# [Directions for this task]
Could you please output all of the data exactly, without the images?

# [Data records]
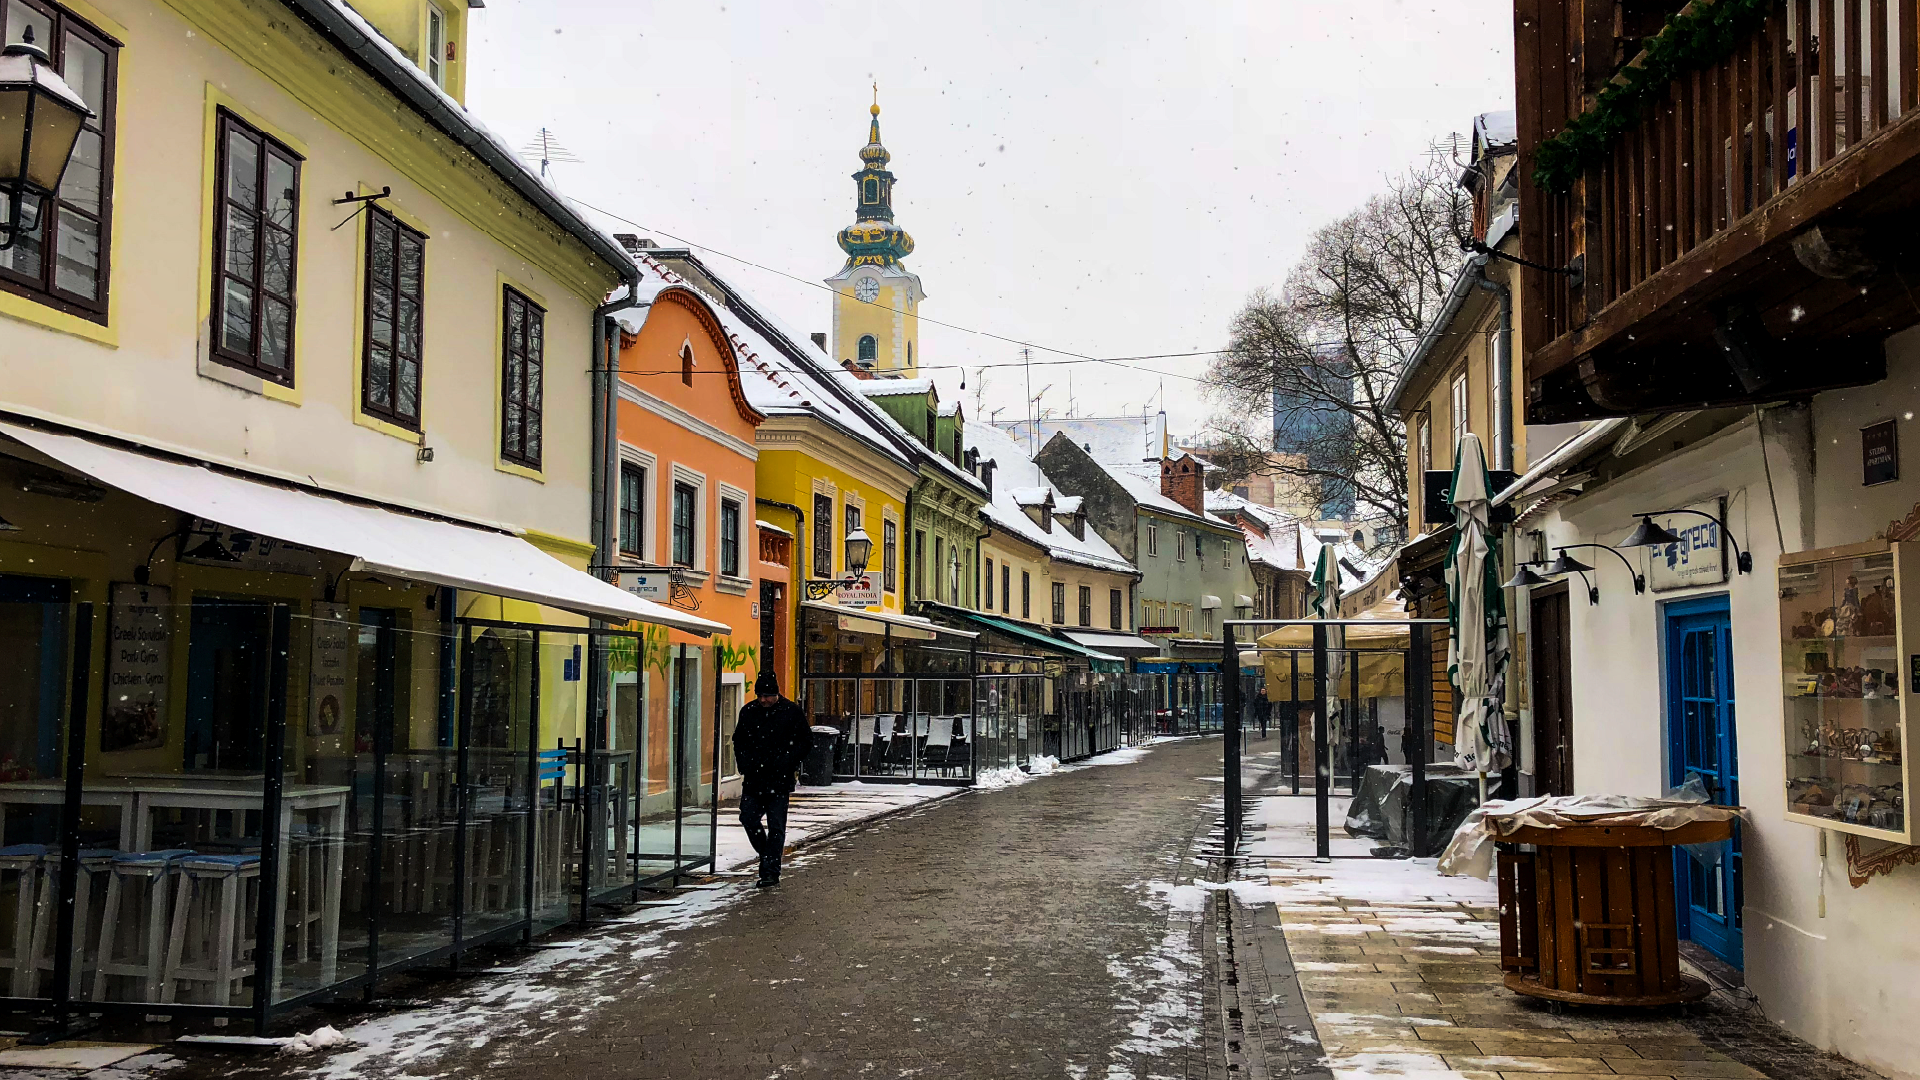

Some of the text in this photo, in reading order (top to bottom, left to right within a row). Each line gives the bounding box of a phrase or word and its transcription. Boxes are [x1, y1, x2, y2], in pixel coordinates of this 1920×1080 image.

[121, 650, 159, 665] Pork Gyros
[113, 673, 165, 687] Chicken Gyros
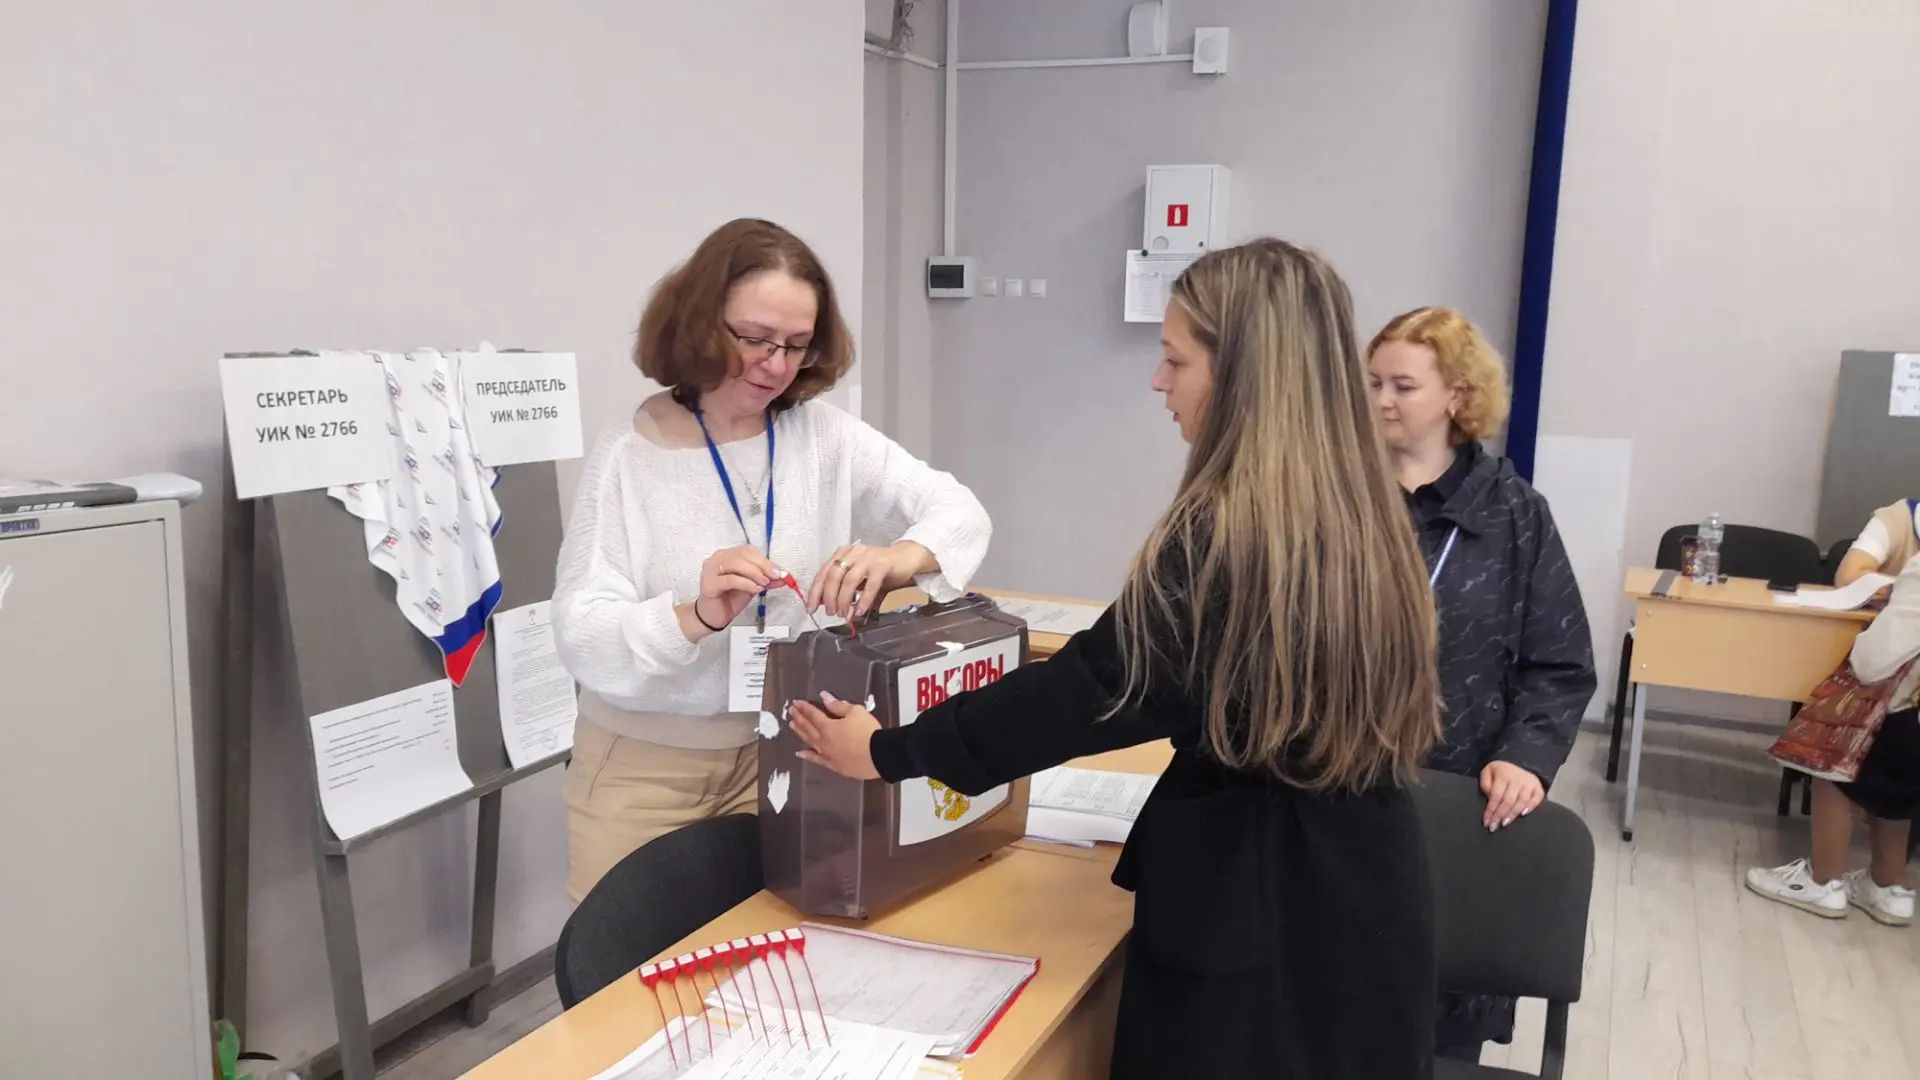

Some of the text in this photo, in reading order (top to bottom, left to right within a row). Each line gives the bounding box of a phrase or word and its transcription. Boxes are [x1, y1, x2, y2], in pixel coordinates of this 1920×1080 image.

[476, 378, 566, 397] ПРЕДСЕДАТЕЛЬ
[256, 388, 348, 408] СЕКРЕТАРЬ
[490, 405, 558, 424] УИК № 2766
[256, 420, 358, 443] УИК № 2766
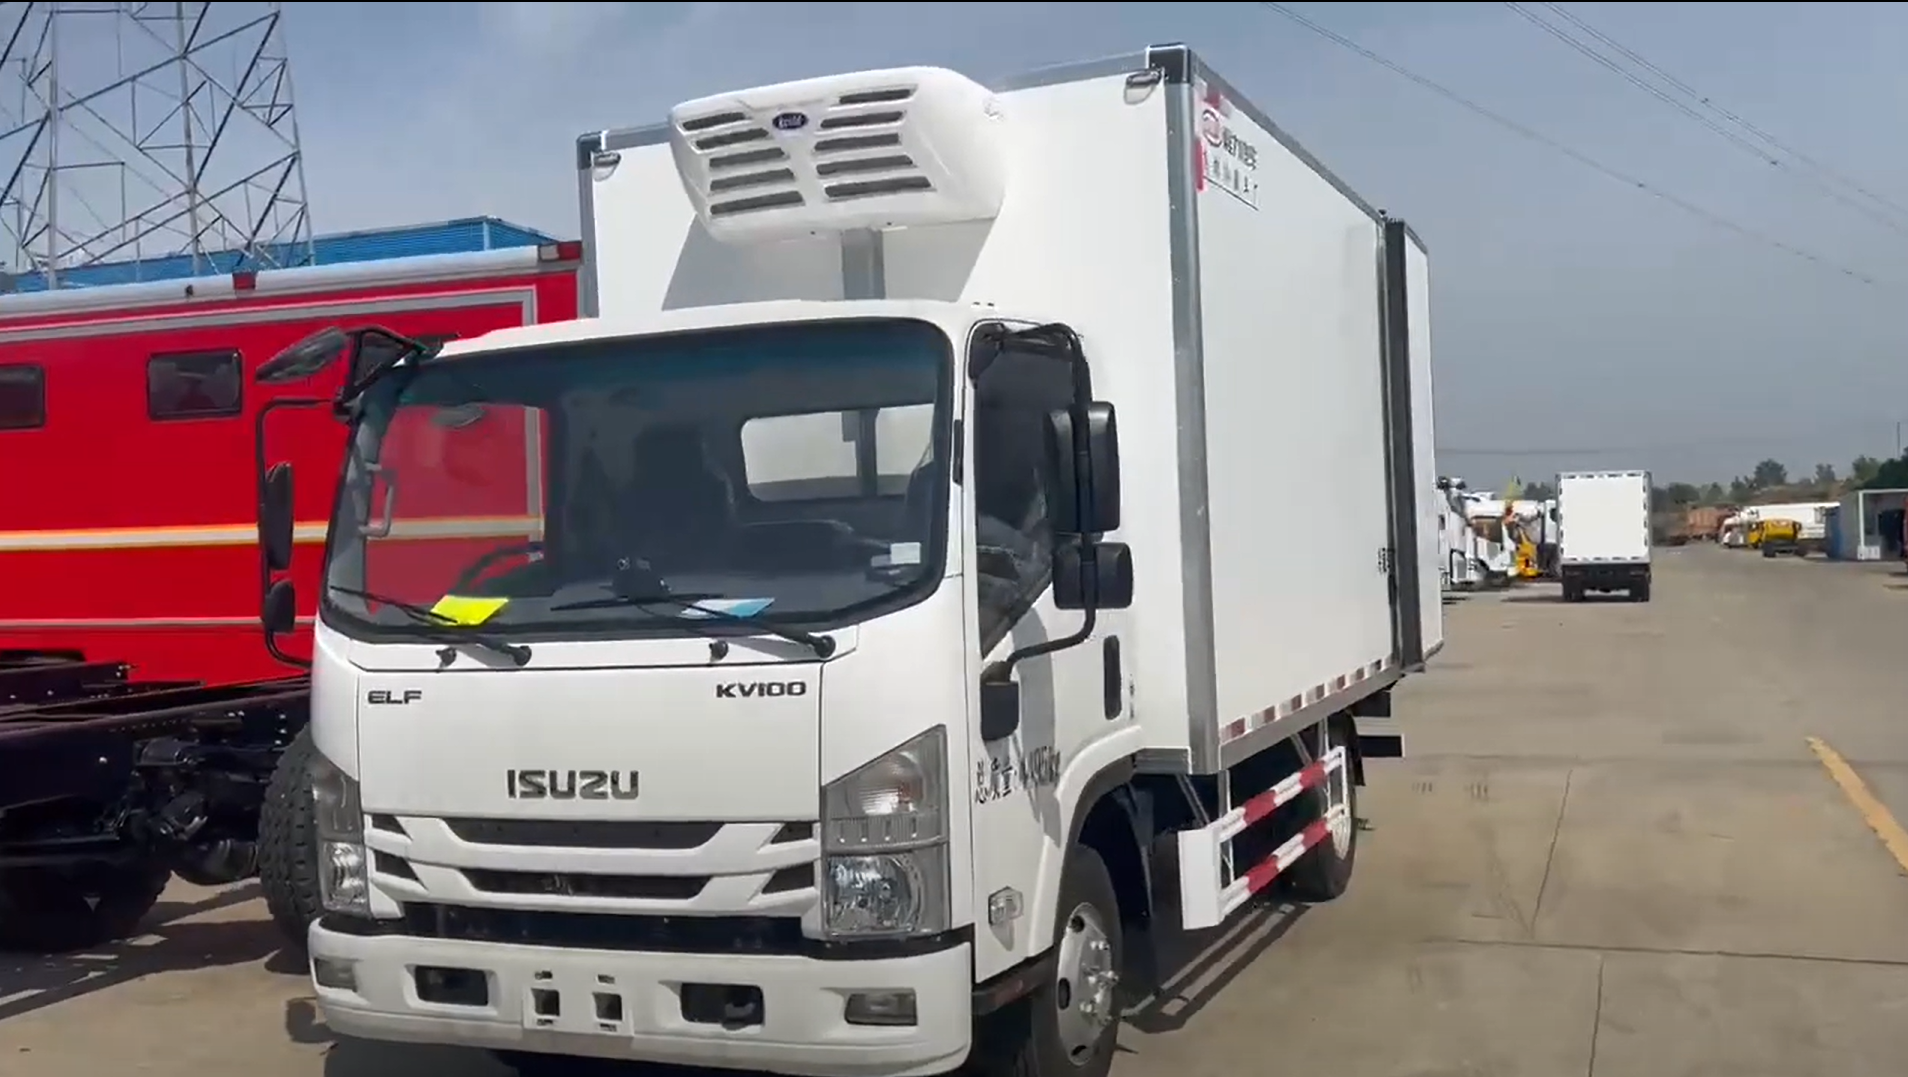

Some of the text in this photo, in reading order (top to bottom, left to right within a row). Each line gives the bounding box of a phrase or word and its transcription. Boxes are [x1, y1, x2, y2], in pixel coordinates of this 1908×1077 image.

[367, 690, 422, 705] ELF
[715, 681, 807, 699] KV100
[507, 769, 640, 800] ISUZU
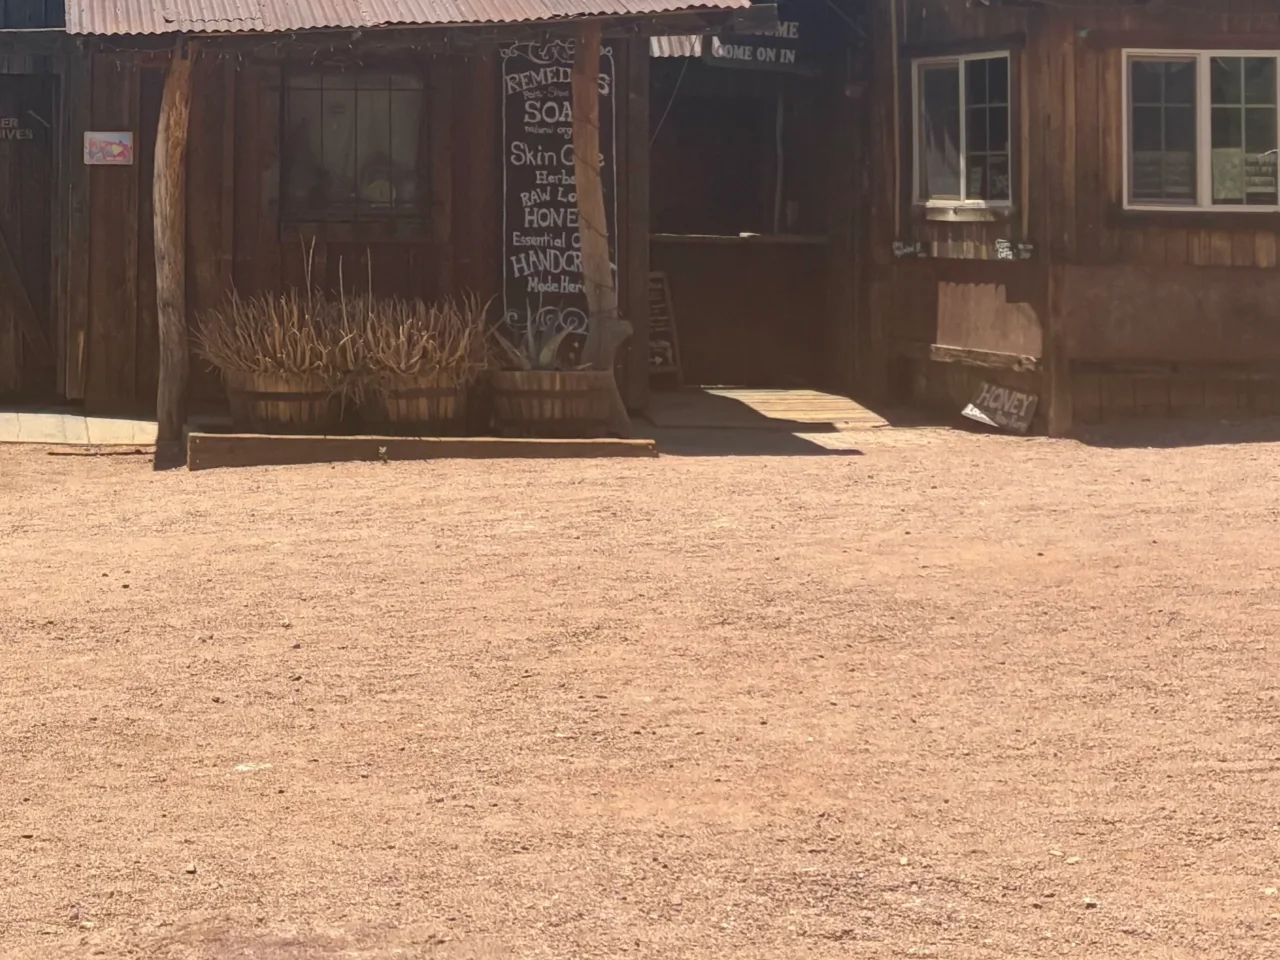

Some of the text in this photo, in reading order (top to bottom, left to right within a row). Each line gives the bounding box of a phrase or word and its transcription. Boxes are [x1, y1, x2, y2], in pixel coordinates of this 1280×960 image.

# [Written answer]
Some of the text in this photo, in reading order (top to bottom, left to right within a row). Each line gives the bounding box of a phrase or word and its transcription. Boxes are [x1, y1, x2, y2], in pixel coordinates of this 1920×1080 image.

[121, 650, 159, 665] Pork Gyros
[113, 673, 165, 687] Chicken Gyros

Some of the text in this photo, in reading order (top to bottom, left to right within a row). Each line gives the bounding box of a phrase or word and its transcription. Boxes are [x1, y1, x2, y2], in pixel coordinates of this 1920×1080 image.

[476, 378, 566, 397] ПРЕДСЕДАТЕЛЬ
[256, 388, 348, 408] СЕКРЕТАРЬ
[490, 405, 558, 424] УИК № 2766
[256, 420, 358, 443] УИК № 2766

Some of the text in this photo, in reading order (top to bottom, left to right within a row). Each line gives the bounding box of a phrase or word and its transcription. Boxes are [x1, y1, x2, y2], in pixel coordinates of this 1908×1077 image.

[367, 690, 422, 705] ELF
[715, 681, 807, 699] KV100
[507, 769, 640, 800] ISUZU

Some of the text in this photo, in reading order (top to bottom, left to right within a row). Each line gives the bounding box of a phrase or word and its transcription. Boxes are [x1, y1, x2, y2], in pixel coordinates of this 1280×960 image.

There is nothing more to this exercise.